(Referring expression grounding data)
┄┄┄┄┄┄┄┄┄┄┄┄┄┄┄┄┄┄┄┄
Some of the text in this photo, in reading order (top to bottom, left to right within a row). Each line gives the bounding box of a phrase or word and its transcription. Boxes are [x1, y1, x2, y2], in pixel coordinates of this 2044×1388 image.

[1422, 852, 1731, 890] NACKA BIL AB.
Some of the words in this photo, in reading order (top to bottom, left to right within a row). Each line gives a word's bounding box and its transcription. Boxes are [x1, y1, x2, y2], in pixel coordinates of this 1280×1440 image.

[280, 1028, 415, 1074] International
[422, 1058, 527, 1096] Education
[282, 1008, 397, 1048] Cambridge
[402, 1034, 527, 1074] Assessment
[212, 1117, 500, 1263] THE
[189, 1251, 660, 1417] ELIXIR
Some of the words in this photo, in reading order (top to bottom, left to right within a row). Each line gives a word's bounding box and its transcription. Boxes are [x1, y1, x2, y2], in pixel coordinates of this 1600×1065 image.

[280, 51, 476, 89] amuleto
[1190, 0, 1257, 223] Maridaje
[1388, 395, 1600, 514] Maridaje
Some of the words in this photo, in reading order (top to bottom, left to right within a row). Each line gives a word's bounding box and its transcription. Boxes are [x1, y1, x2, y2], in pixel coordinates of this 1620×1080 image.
┄┄┄┄┄┄┄┄┄┄┄┄┄┄┄┄┄┄┄┄
BRIEF: All of the entries above should be transcribed exactly, line for line.

SOLUTION:
Some of the text in this photo, in reading order (top to bottom, left to right within a row). Each line gives the bounding box of a phrase or word and its transcription. Boxes are [x1, y1, x2, y2], in pixel coordinates of this 2044×1388 image.

[1422, 852, 1731, 890] NACKA BIL AB.
Some of the words in this photo, in reading order (top to bottom, left to right within a row). Each line gives a word's bounding box and its transcription. Boxes are [x1, y1, x2, y2], in pixel coordinates of this 1280×1440 image.

[280, 1028, 415, 1074] International
[422, 1058, 527, 1096] Education
[282, 1008, 397, 1048] Cambridge
[402, 1034, 527, 1074] Assessment
[212, 1117, 500, 1263] THE
[189, 1251, 660, 1417] ELIXIR
Some of the words in this photo, in reading order (top to bottom, left to right within a row). Each line gives a word's bounding box and its transcription. Boxes are [x1, y1, x2, y2], in pixel coordinates of this 1600×1065 image.

[280, 51, 476, 89] amuleto
[1190, 0, 1257, 223] Maridaje
[1388, 395, 1600, 514] Maridaje
Some of the words in this photo, in reading order (top to bottom, left to right within a row). Each line gives a word's bounding box and its transcription. Boxes are [x1, y1, x2, y2], in pixel coordinates of this 1620×1080 image.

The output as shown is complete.